There is a problem of seniors seeking vaccines: they cannot use the Internet

Many seniors feel comfortable texting, tweeting and surfing the Internet. But for those who do not do so, taking time to learn a new skill often seems challenging, Mr. Kamber said. Older adult technology services have taught 48,000 people how to start online since the epidemic began, he said, and operates a technical support hotline. When the vaccine sign-up began, employees on the phone raised thousands of questions about how to book appointments.

Area agencies on aging, part of one National aging network Funded by the federal government and also helping oversee the administration for community living. Local chapters are calling on seniors and helping them register for vaccine appointments by phone or in-person, said Sandy Markwood, chief executive of area agencies, adding that it includes more than 600 nonprofit regional centers across the state Are directed by governments.

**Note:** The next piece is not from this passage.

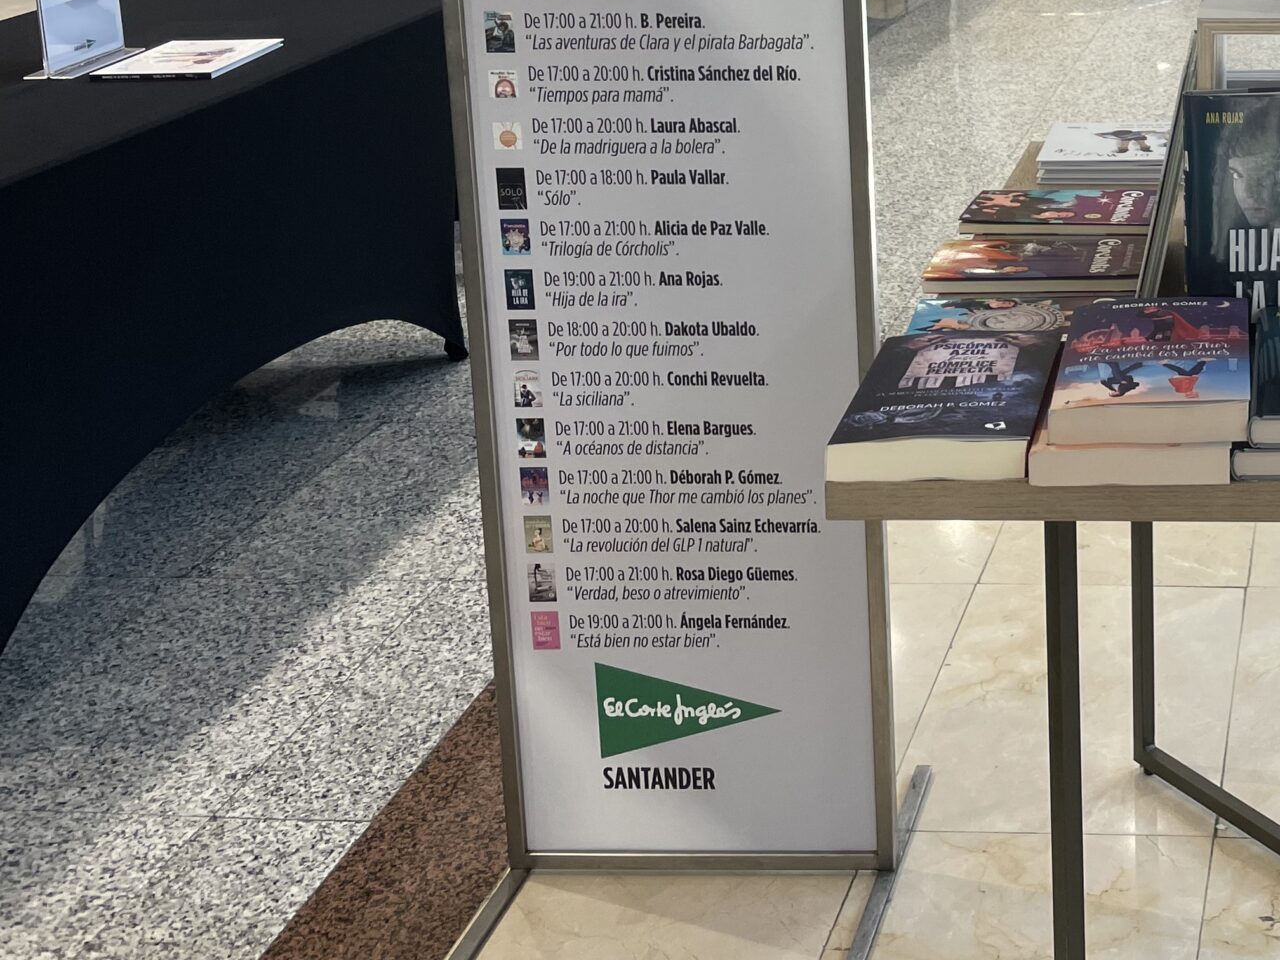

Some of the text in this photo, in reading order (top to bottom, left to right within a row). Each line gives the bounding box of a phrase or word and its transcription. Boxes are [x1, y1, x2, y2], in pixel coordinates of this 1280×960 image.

In Akron, Ohio, 78-year-old Lee Freund said that every hospital, pharmacy and grocery store looking for a vaccine directed him to confuse web pages. Ms. Freund accidentally managed to sign up for a grocery delivery, but there was no shot. She collapsed in tears.

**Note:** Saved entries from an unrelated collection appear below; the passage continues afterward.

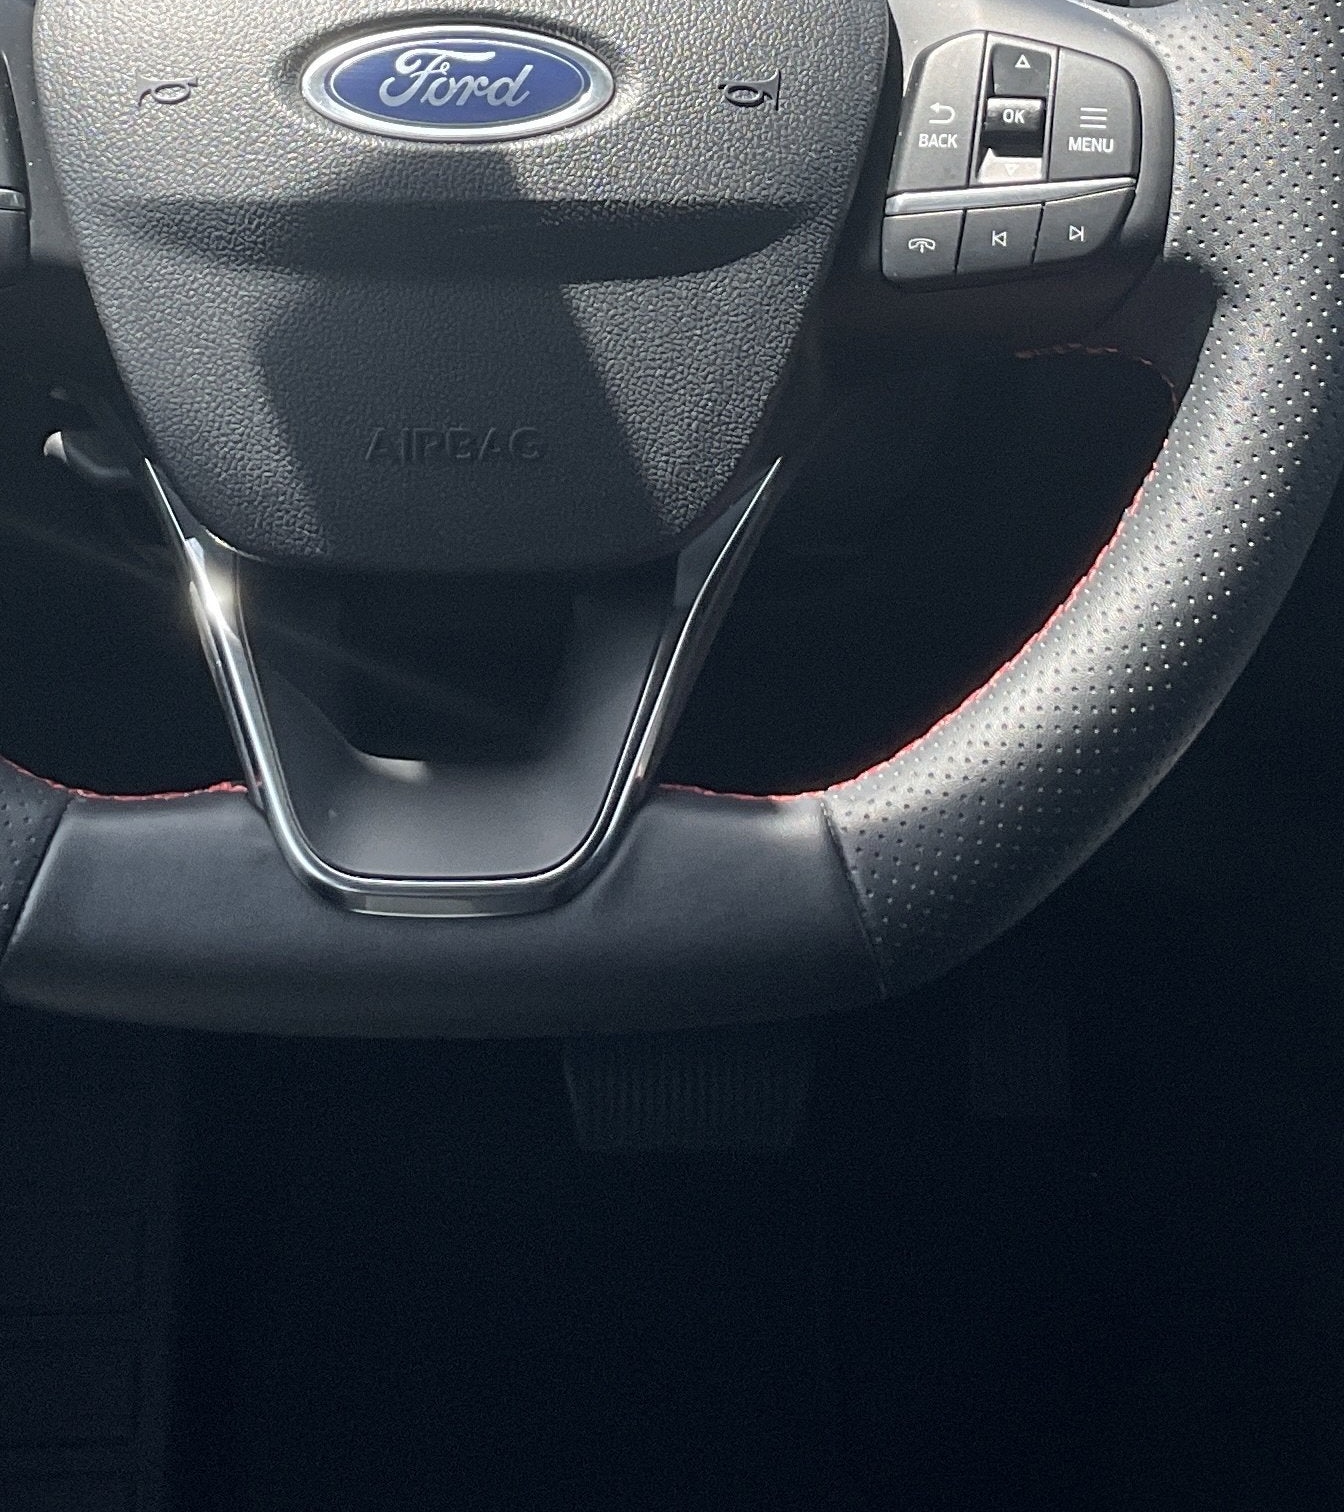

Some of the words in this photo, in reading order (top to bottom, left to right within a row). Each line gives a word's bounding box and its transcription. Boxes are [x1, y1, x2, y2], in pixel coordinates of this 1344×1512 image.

[379, 48, 531, 107] Ford
[1002, 109, 1024, 124] OK
[918, 134, 957, 148] BACK
[1068, 137, 1113, 153] MENU
[364, 427, 546, 462] AIRBAG

“When you’re alone, it’s frustrating, it’s terrifying, and it’s very emotional,” Ms. Freund said. She said that she did not call her children for help because she did not want to be a burden. “It almost makes me think, ‘I don’t think it’s worth it.’ ‘

Ms. Freund eventually got help from the nearby Area Agency on Aging, where a woman hired her.

As of Thursday, about 24 million Americans age 65 and over or about 41 percent received at least one coronavirus vaccine dose according to Population Control and Prevention, according to the Population Control and Prevention Data. Compiled by the Kaiser Family Foundation. Senator Tina Smith, a Democrat from Minnesota who has reintroduced a bill last year that would allocate funds to help older Americans get online, said the government would prevent senior agencies from giving money quickly to preventable crises Failed to overtake.

Aging-network organizations “have been overwhelmed by the needs and demands and are working themselves through an epidemic,” Ms. Smith said in an interview. “We have restarted it and we are seeing its impact,” he said.